This role is a platform operations Sr Engineer:
Primary Responsibilities:
- Automate repeatable and frequent operational processes and procedures
- Monitor Key Performance Indicators (KPIs) for website and applications
- Remediate all Security Vulnerabilities related to the platforms
- Provide Tier 3 Production 24x7 oncall support (rotation)
- Perform platform upgrades using established automated procedures
- Participate in Change Incident and Problem management including Root Cause Analysis
- Improve and document operational and troubleshooting procedures
- Administer Enterprise Tools on Linux and Windows Platforms.
Administration of Splunk and enablement of log parsing and shipping to the centralized service
- Write scripts to automate common system administration tasks and backups.
- Onboard new applications / microservices to our Service Deployment Pipeline that is powered by Jenkins Ansible Docker & Rundeck
- Troubleshoot Docker Builds as it relates to the Service Deployment Pipeline
- Practice and form User Access Control Processes.
- Construct and maintain Environment Management principles.
- Work with Operations and Development to keep dev / test environments in sync and push for evolution to codify the environment configs using Ansible.
- Integration of tooling platforms using Apis configurations etc.
- Manage SSH key shares.
- Provide Stash SVN Jenkins Artifactory Sonar Jira Confluence and Splunk expertise and support.
- Document general DevOps procedures and foster a collaborative culture.
- Produce How To documentation
- Analyze continuous integration needs for applications and generating CI solutions tailored by application.
- Assist development in troubleshooting failed builds.

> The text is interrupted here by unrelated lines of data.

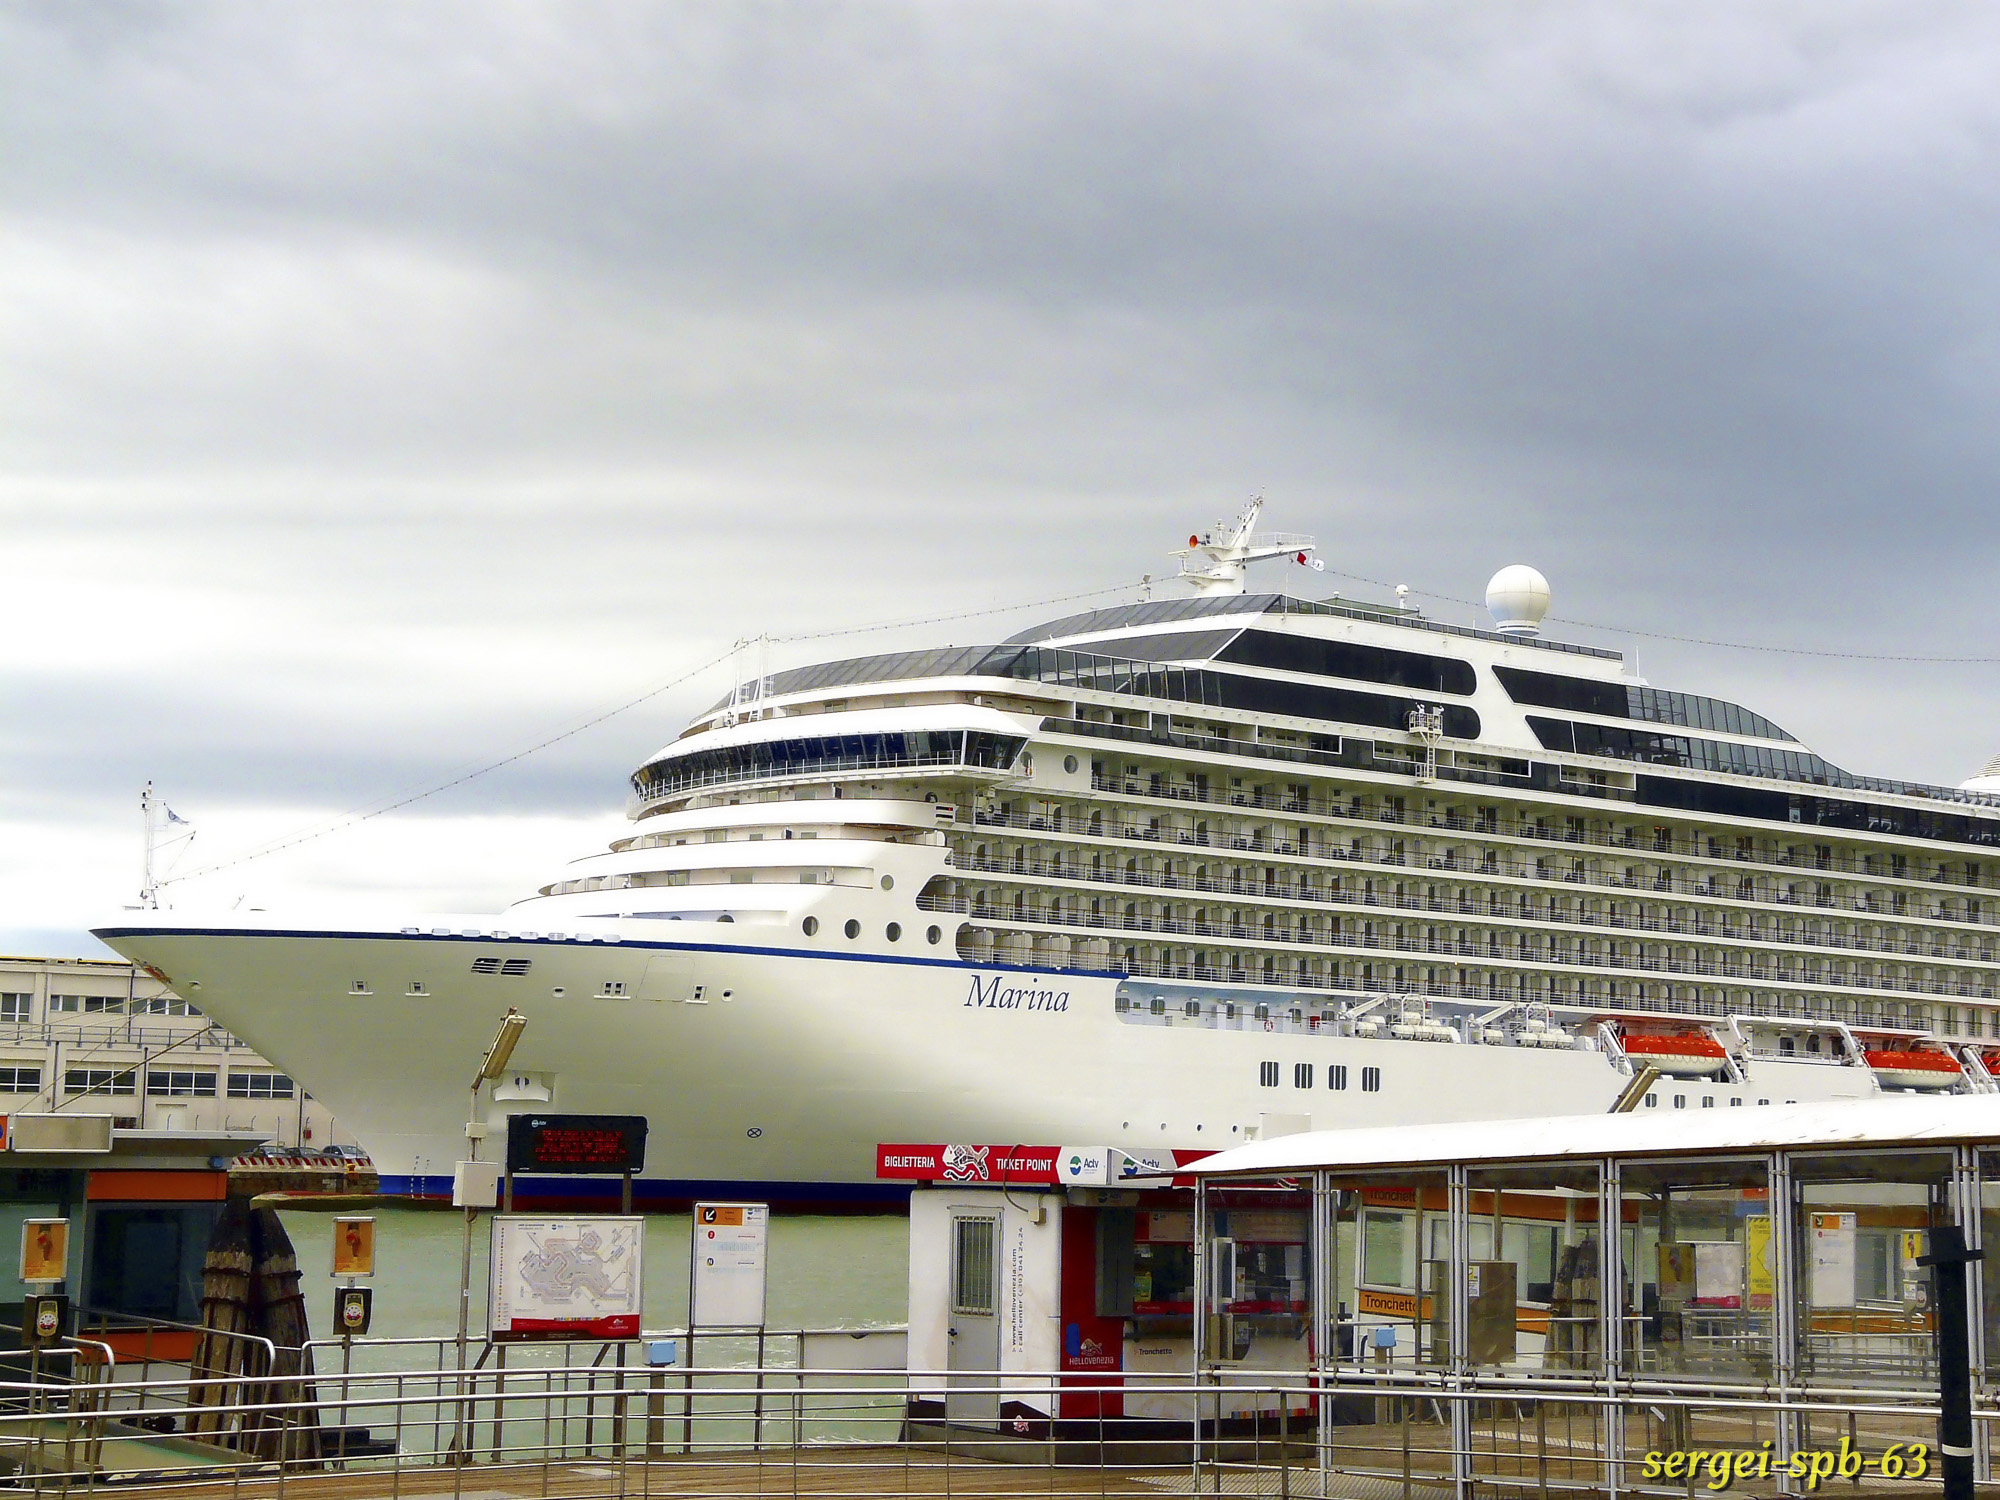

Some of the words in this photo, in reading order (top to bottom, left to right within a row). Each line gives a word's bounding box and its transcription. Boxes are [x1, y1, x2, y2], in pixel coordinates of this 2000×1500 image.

[963, 974, 1070, 1012] Marina
[884, 1155, 936, 1168] BIGLIETTERIA
[996, 1158, 1025, 1170] TICKET
[1026, 1158, 1053, 1171] POINT
[1083, 1158, 1099, 1169] Actv
[1138, 1348, 1173, 1356] Tronchetto

Conducting root cause analysis in close collaboration with the development team.
- Provide technical research on tool sets.

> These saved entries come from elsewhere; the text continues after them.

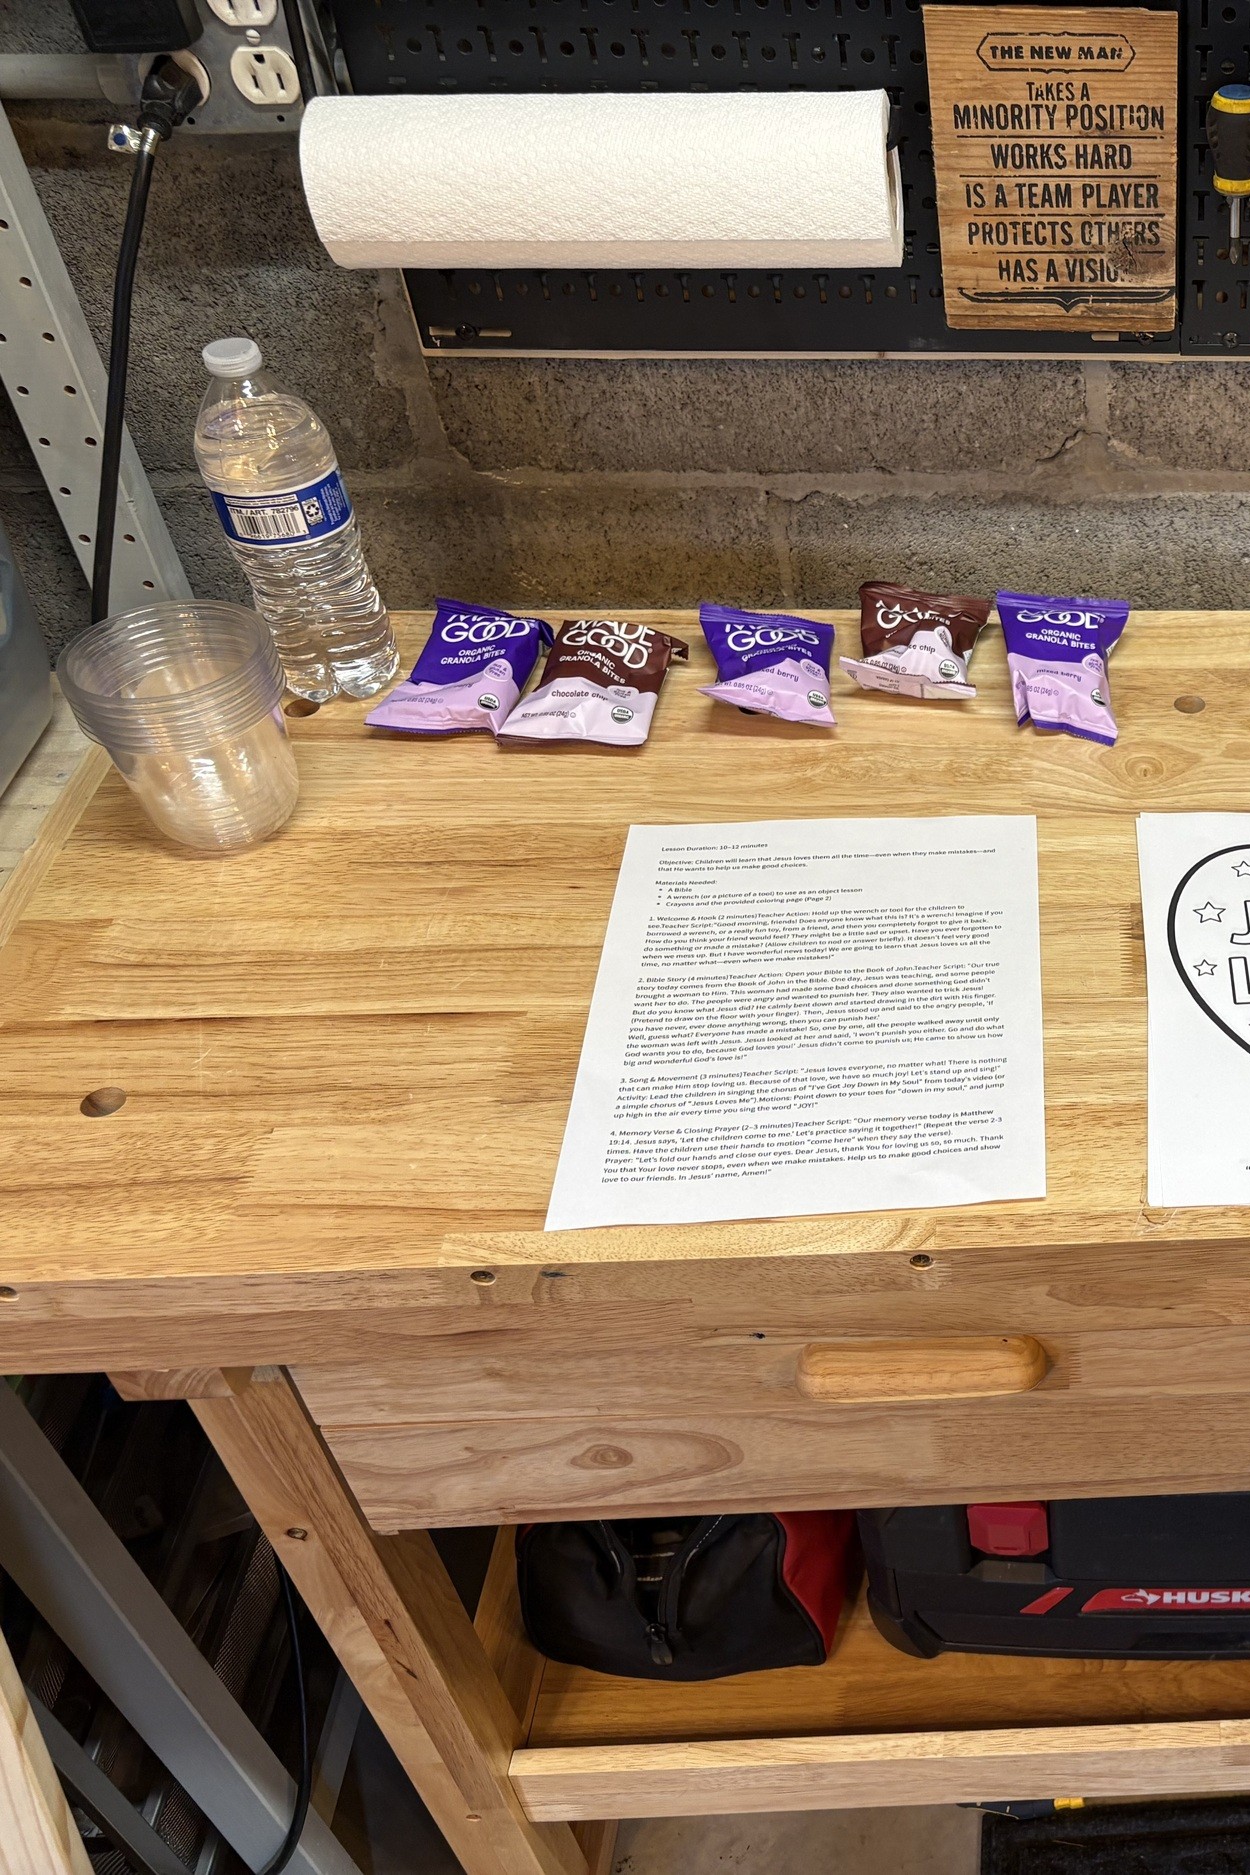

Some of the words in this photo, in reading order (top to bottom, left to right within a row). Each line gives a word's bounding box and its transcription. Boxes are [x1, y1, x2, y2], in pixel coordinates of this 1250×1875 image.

[990, 45, 1024, 60] THE
[1030, 45, 1072, 60] NEW
[1078, 45, 1123, 60] MAN
[1026, 81, 1074, 102] TAKES
[1080, 82, 1091, 102] A
[953, 103, 1056, 131] MINORITY
[1066, 104, 1164, 131] POSITION
[990, 143, 1068, 170] WORKS
[1075, 143, 1132, 170] HARD
[965, 183, 986, 209] IS
[995, 183, 1008, 209] A
[1016, 183, 1072, 209] TEAM
[1082, 183, 1160, 209] PLAYER
[967, 221, 1073, 246] PROTECTS
[998, 258, 1039, 284] HAS
[1046, 259, 1058, 283] A
[1065, 258, 1131, 283] VISIO
[441, 620, 530, 642] GOOD
[570, 620, 656, 646] MADE
[1041, 629, 1081, 641] ORGANIC
[562, 628, 648, 669] GOOD
[919, 644, 936, 654] chip
[1026, 632, 1068, 646] GRANOLA
[1070, 641, 1096, 650] BITES
[440, 655, 482, 665] GRANOLA
[483, 648, 506, 660] BITES
[458, 644, 496, 656] ORGANIC
[559, 656, 600, 668] GRANOLA
[602, 666, 626, 684] BITES
[777, 669, 799, 682] berry
[1061, 672, 1082, 682] berry
[552, 690, 589, 698] chocolate
[753, 684, 766, 695] (24g)
[1040, 686, 1053, 696] (24g)
[625, 1111, 643, 1119] high
[739, 1105, 755, 1114] sing
[618, 1128, 652, 1138] Memory
[683, 1126, 713, 1135] Closing
[714, 1124, 740, 1133] Prayer
[826, 1118, 851, 1126] Script:
[929, 1112, 951, 1120] today
[646, 1173, 677, 1182] friends.

- Assist with business cases for new tools etc. Python Bash RegEx Ansible
Required Qualifications:
- 5 years experience hands on production support on bare metal servers and containers.

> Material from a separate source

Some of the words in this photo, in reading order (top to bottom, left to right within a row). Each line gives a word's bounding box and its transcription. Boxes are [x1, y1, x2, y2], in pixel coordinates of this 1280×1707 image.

- A quick learner and selfstarter eager to learn new technologies with automation mindset.
- 4 years experience with Ansible Bash Python Perl or similar scripting language
- 4 years experience with modern web and mobile application environments (TCP/IP HTTP DNS routing load balancing CDNs WAF security etc)
- 4 years with Docker and Kubernetes.
- Experience with Ansible and Salt Stack or similar configuration management tool
- Experience with Stash/Bitbucket or similar code repository tool
- Experience with web application technologies including HTML JavaScript Node.js Nginx React
- Working knowledge of incident problem and change management best practices Desired
Qualifications:
- Large scale eCommerce industry experience
- Experience with the implementation and management of procedures in a technical operations environment including managing and reporting on quality and operational metrics
- Experience with APIs serviceoriented architecture (SOA) and microservices
- Experience configuring Nagios or similar monitoring tool
- Experience with Datadog or similar Application Performance Monitoring (APM) tool
- Experience with Jenkins Gitlab or similar CI/CD tool
- 4 years Elasticsearch Management: Design deploy and maintain Elasticsearch clusters ensuring optimal performance and scalability.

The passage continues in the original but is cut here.